[Your task]
In the records below, the part to copy starts at the line containing "this 1512×1344 image." and goes to the last line; output it exactly, without pictures.

Entries taken from a collection
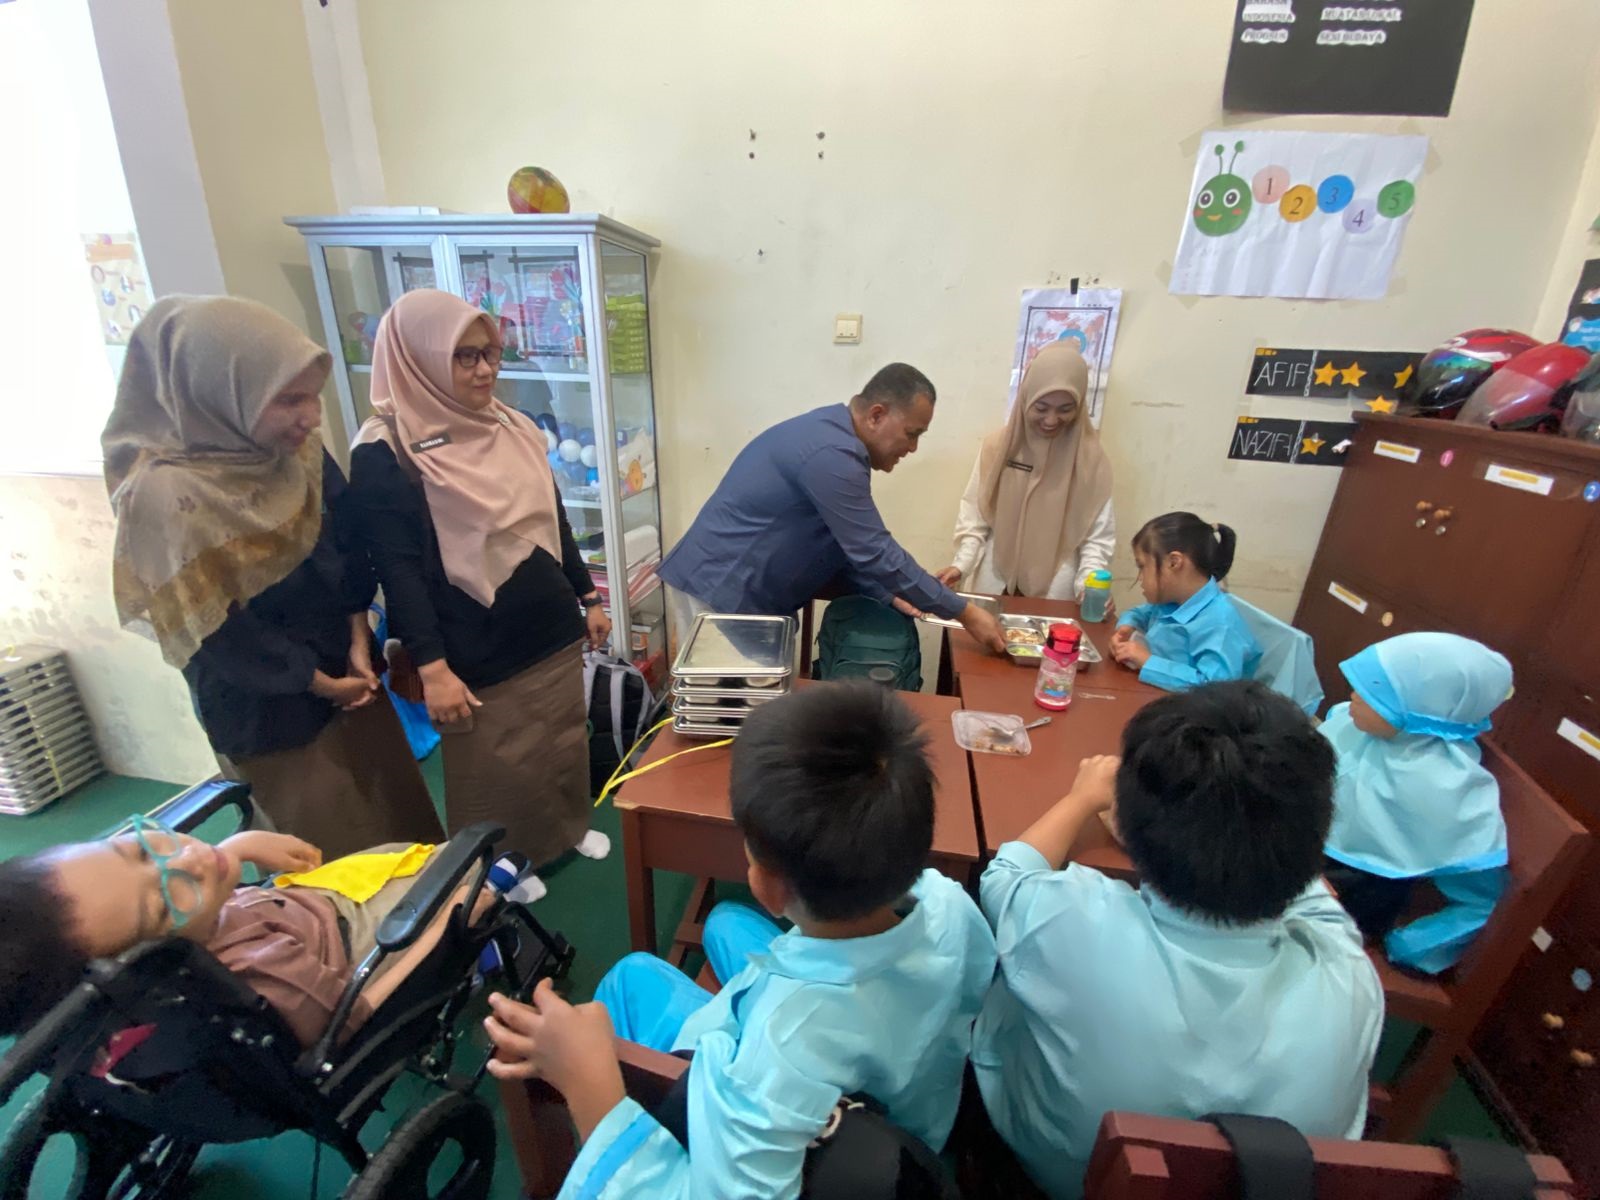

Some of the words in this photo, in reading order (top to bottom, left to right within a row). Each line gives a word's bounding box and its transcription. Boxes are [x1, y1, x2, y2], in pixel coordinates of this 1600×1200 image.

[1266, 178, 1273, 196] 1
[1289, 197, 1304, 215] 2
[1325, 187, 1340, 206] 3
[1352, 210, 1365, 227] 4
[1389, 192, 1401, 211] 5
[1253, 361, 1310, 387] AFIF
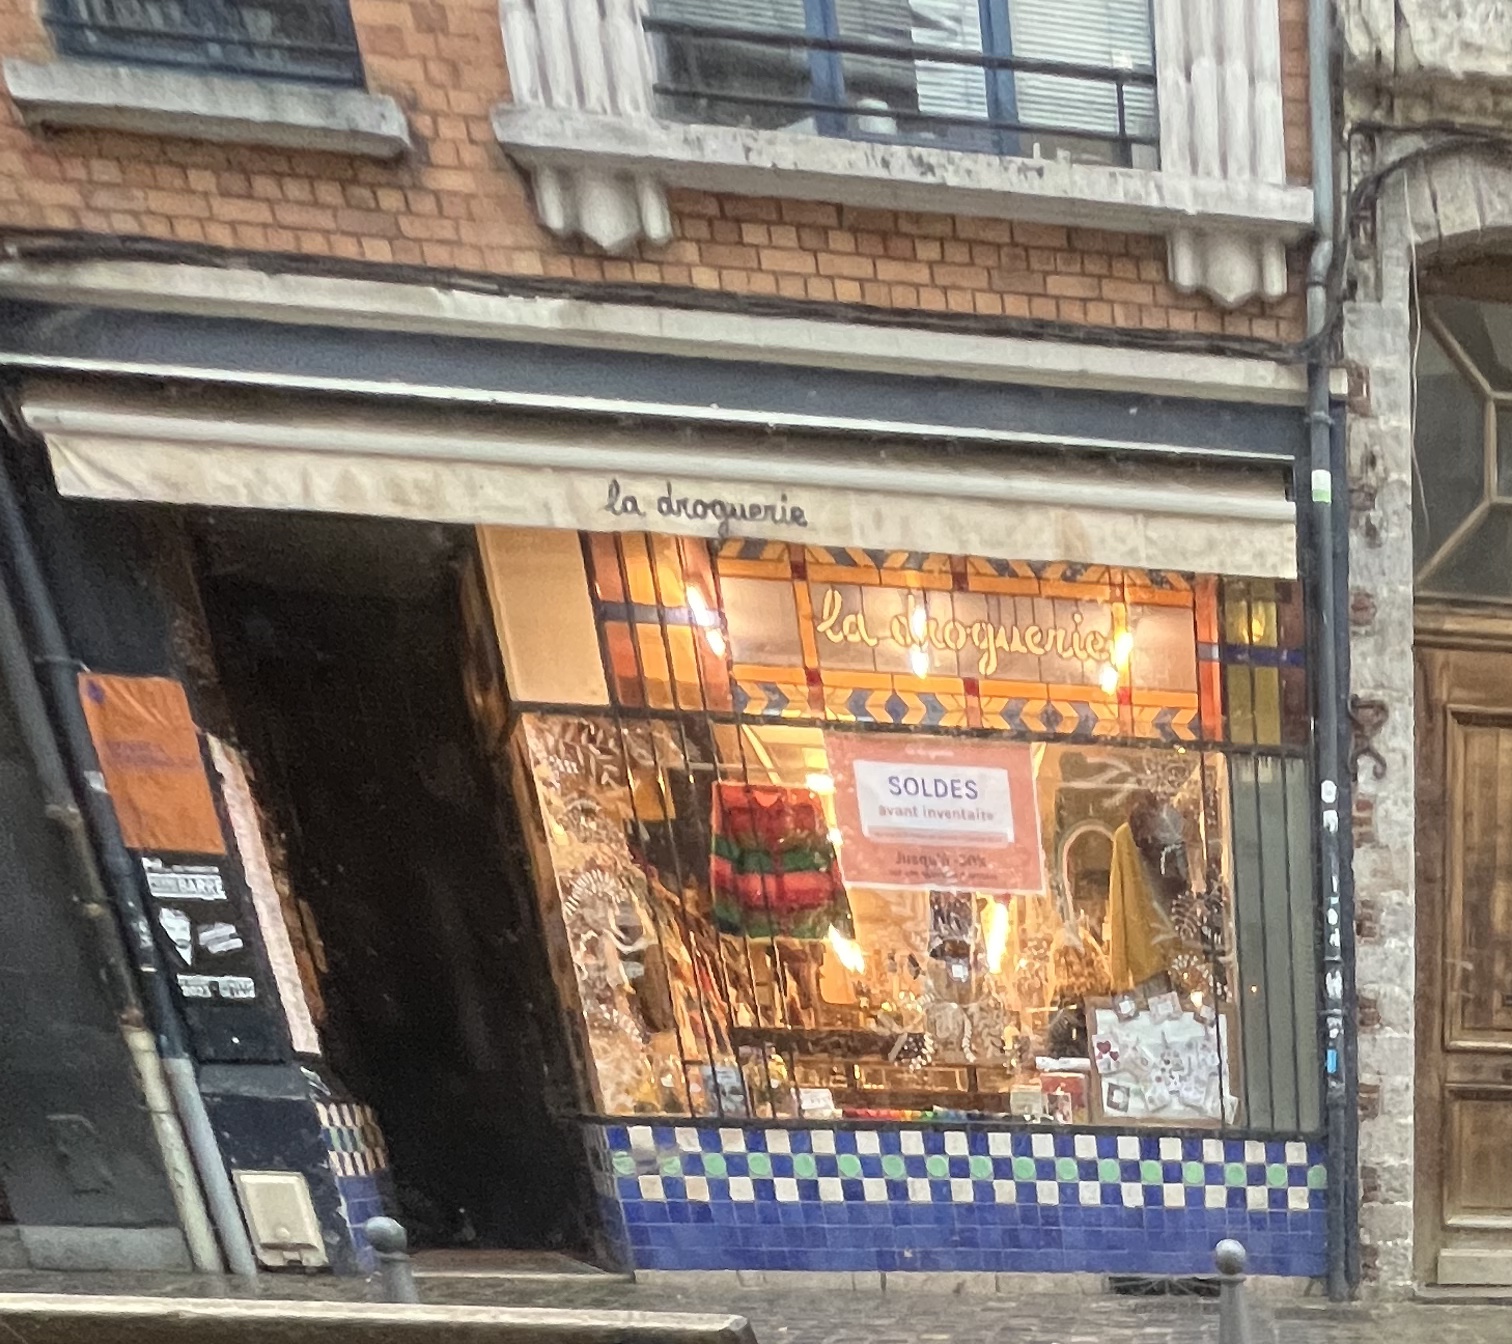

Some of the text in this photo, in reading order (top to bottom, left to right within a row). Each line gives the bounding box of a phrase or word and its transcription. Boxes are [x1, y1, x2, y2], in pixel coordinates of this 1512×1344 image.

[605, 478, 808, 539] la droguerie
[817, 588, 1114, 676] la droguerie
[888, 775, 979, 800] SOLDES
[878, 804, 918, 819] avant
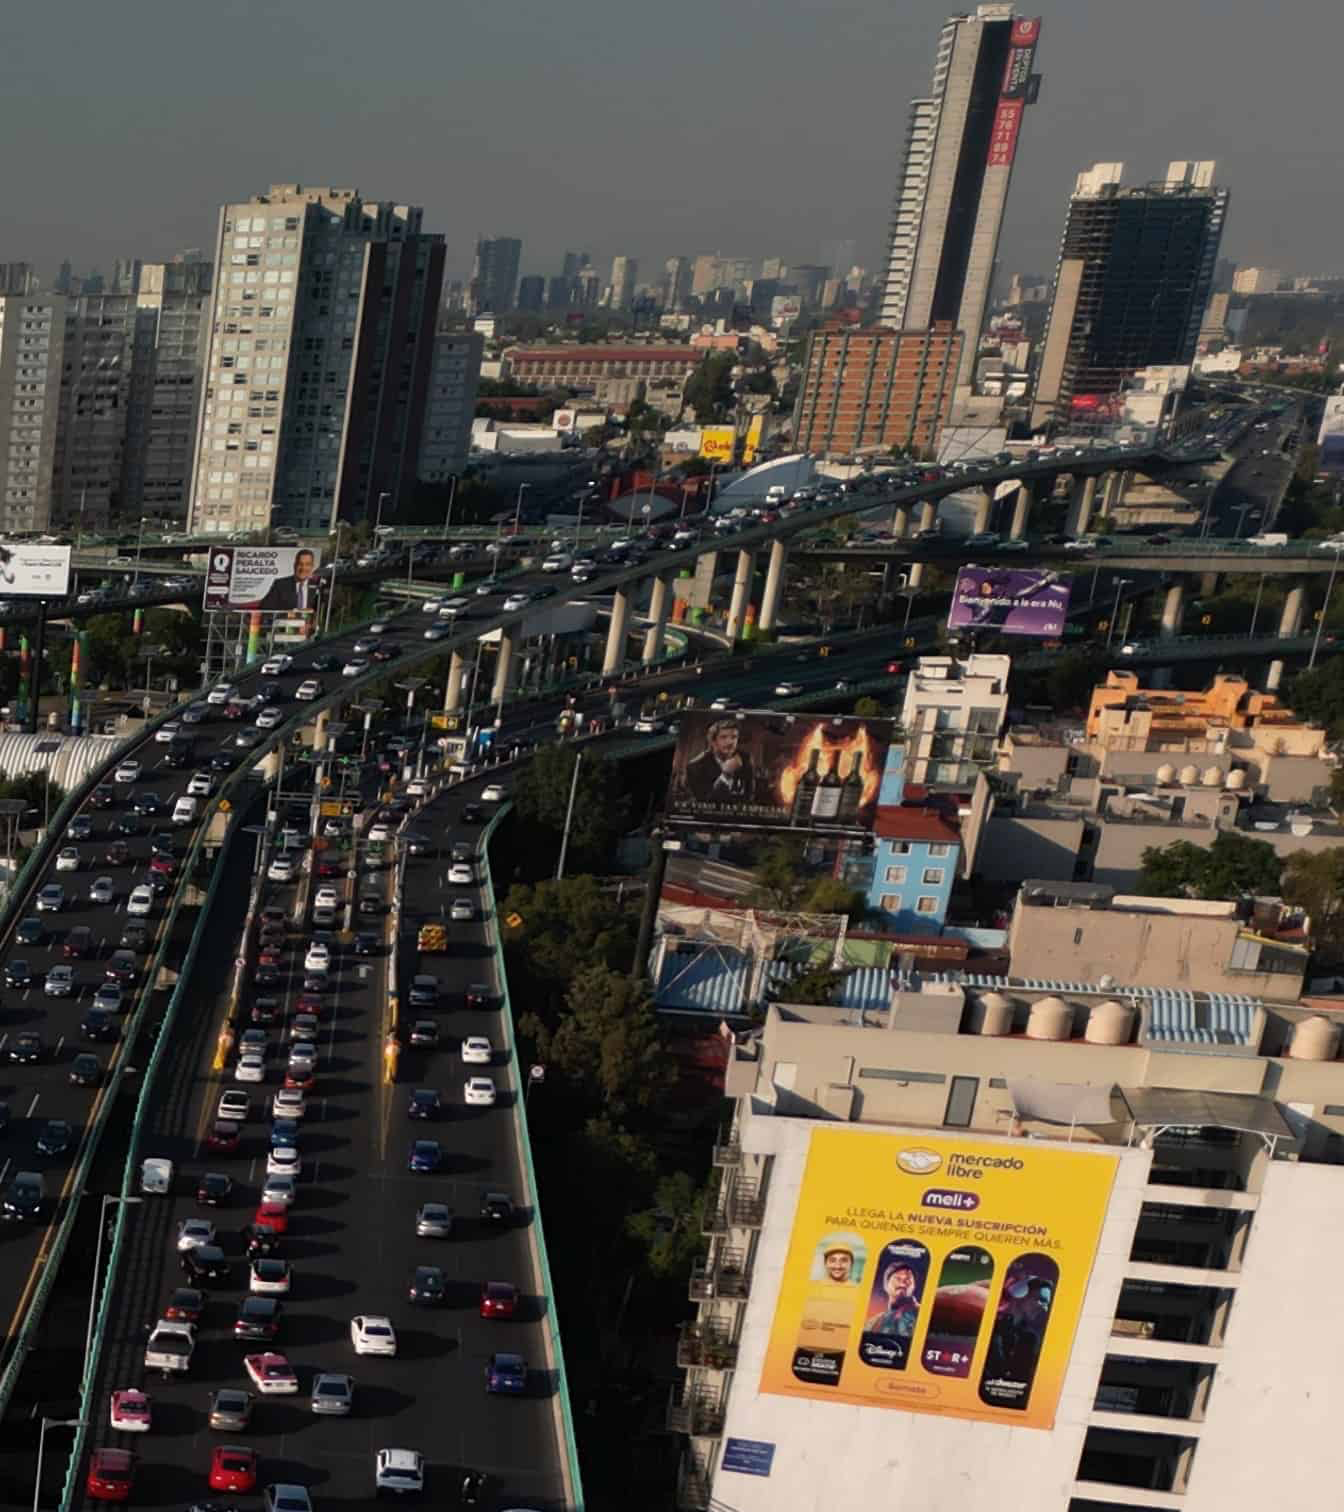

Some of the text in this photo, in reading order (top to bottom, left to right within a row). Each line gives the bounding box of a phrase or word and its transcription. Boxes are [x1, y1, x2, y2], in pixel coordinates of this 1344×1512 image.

[Written response]
Some of the text in this photo, in reading order (top to bottom, left to right within a row). Each line gives the bounding box of a phrase or word and its transcription. Boxes are [x1, y1, x2, y2], in pixel coordinates of this 1512×1344 image.

[605, 478, 808, 539] la droguerie
[817, 588, 1114, 676] la droguerie
[888, 775, 979, 800] SOLDES
[878, 804, 918, 819] avant

Some of the text in this photo, in reading order (top to bottom, left to right within a row). Each line gives the bounding box of a phrase or word and its transcription. Boxes are [x1, y1, x2, y2], in pixel coordinates of this 1344×1512 image.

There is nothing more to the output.